***** Records for processing

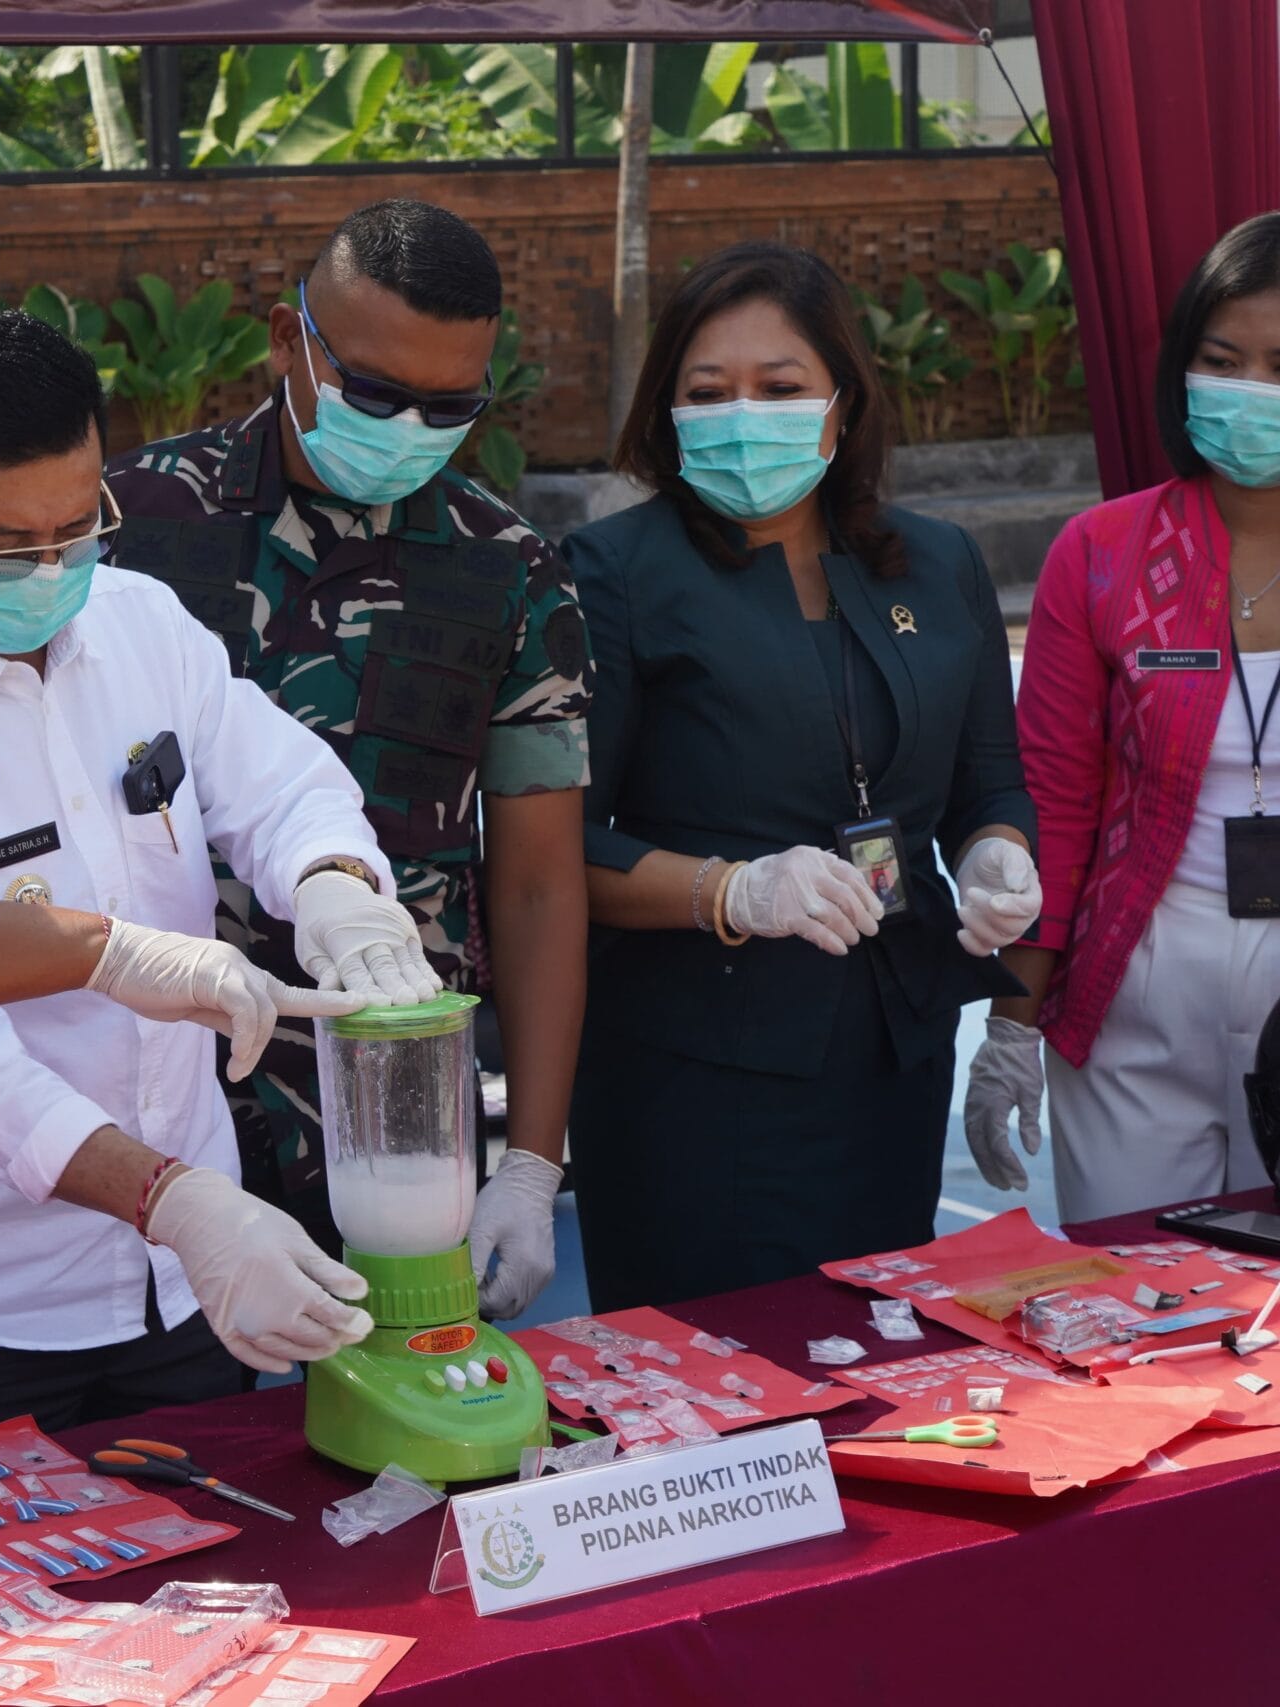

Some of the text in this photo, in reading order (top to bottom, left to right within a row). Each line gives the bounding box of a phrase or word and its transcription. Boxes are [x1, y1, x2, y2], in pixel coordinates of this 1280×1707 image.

[431, 1330, 463, 1341] MOTOR
[431, 1340, 464, 1351] SAFETY
[552, 1445, 827, 1527] BARANG BUKTI TINDAK
[580, 1482, 818, 1556] PIDANA NARKOTIKA
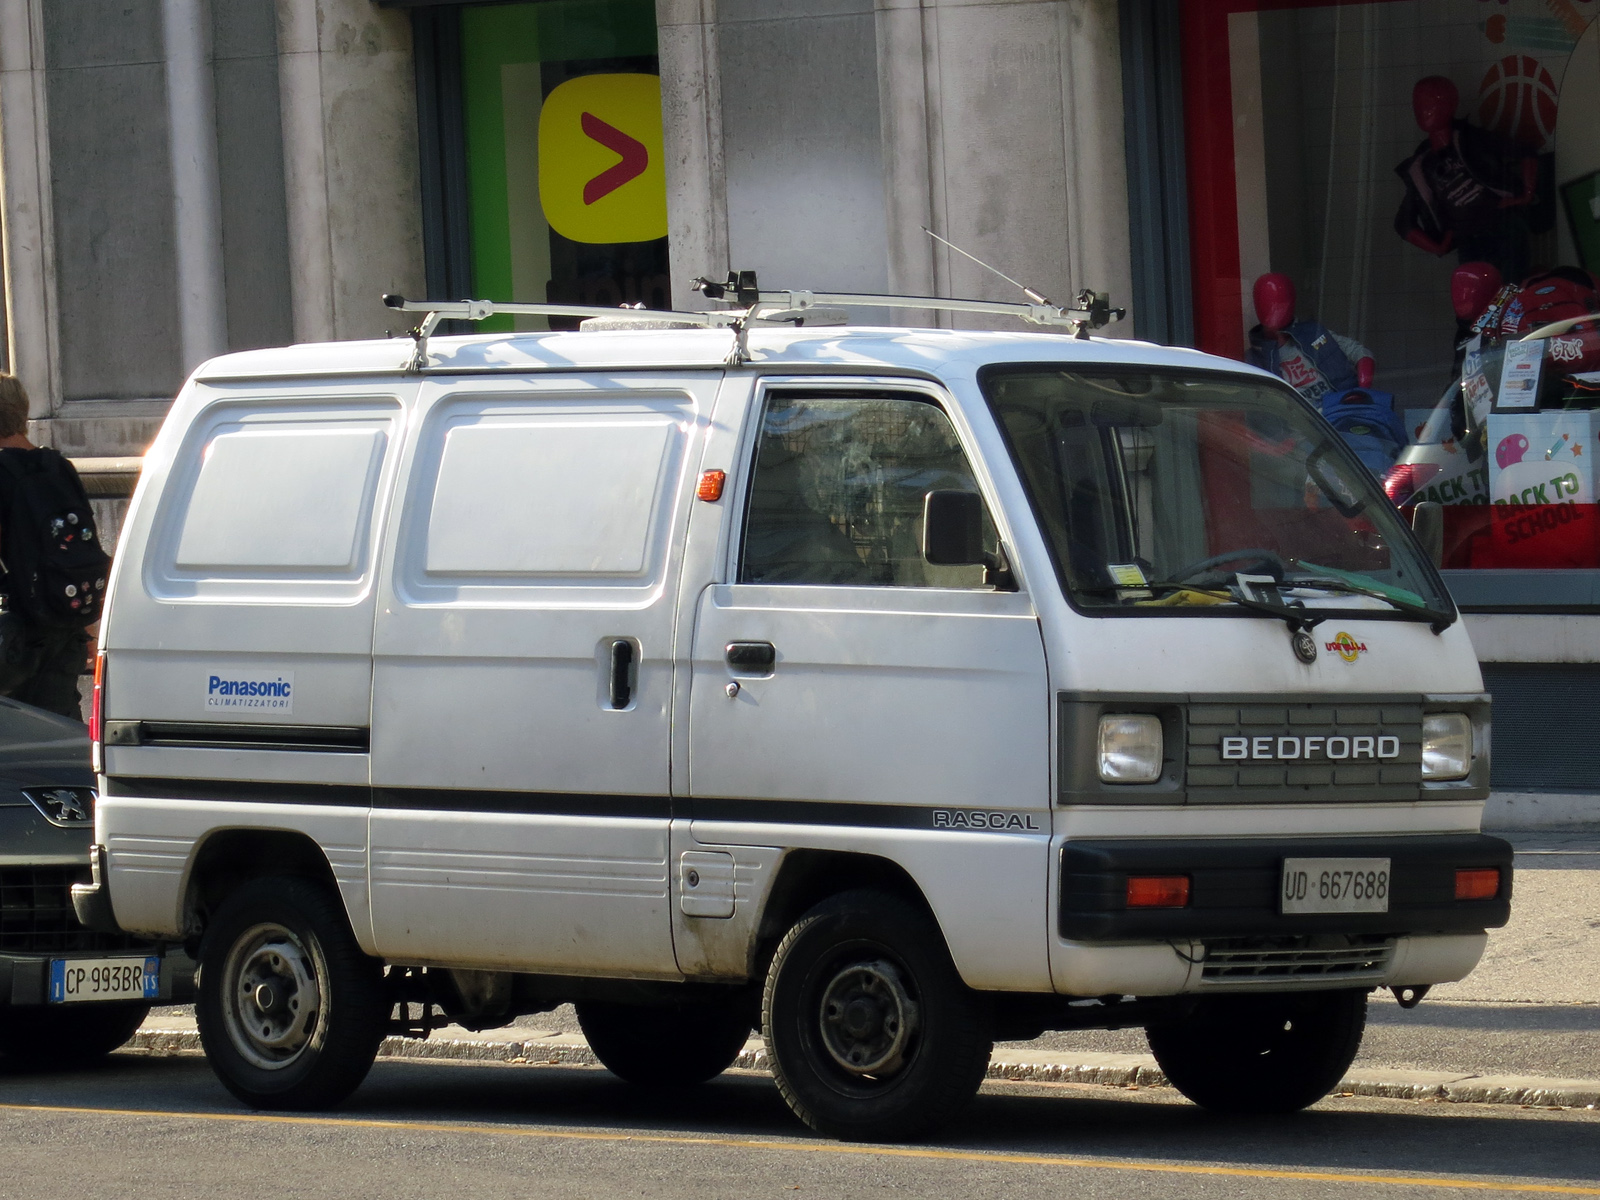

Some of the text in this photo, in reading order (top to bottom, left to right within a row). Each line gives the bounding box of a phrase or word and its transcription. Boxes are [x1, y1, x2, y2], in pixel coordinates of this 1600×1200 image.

**********

#### The problem
In your copy of the listing, please omit the pictures and keep every word exact.

#### Finished exercise
Some of the text in this photo, in reading order (top to bottom, left to right within a row). Each line gives the bounding box of a phrase or word and its transcription. Boxes are [x1, y1, x2, y2], in pixel coordinates of this 1280×1707 image.

[431, 1330, 463, 1341] MOTOR
[431, 1340, 464, 1351] SAFETY
[552, 1445, 827, 1527] BARANG BUKTI TINDAK
[580, 1482, 818, 1556] PIDANA NARKOTIKA

Some of the text in this photo, in reading order (top to bottom, left to right within a row). Each line gives the bounding box of a phrase or word and its transcription. Boxes are [x1, y1, x2, y2], in pixel coordinates of this 1600×1200 image.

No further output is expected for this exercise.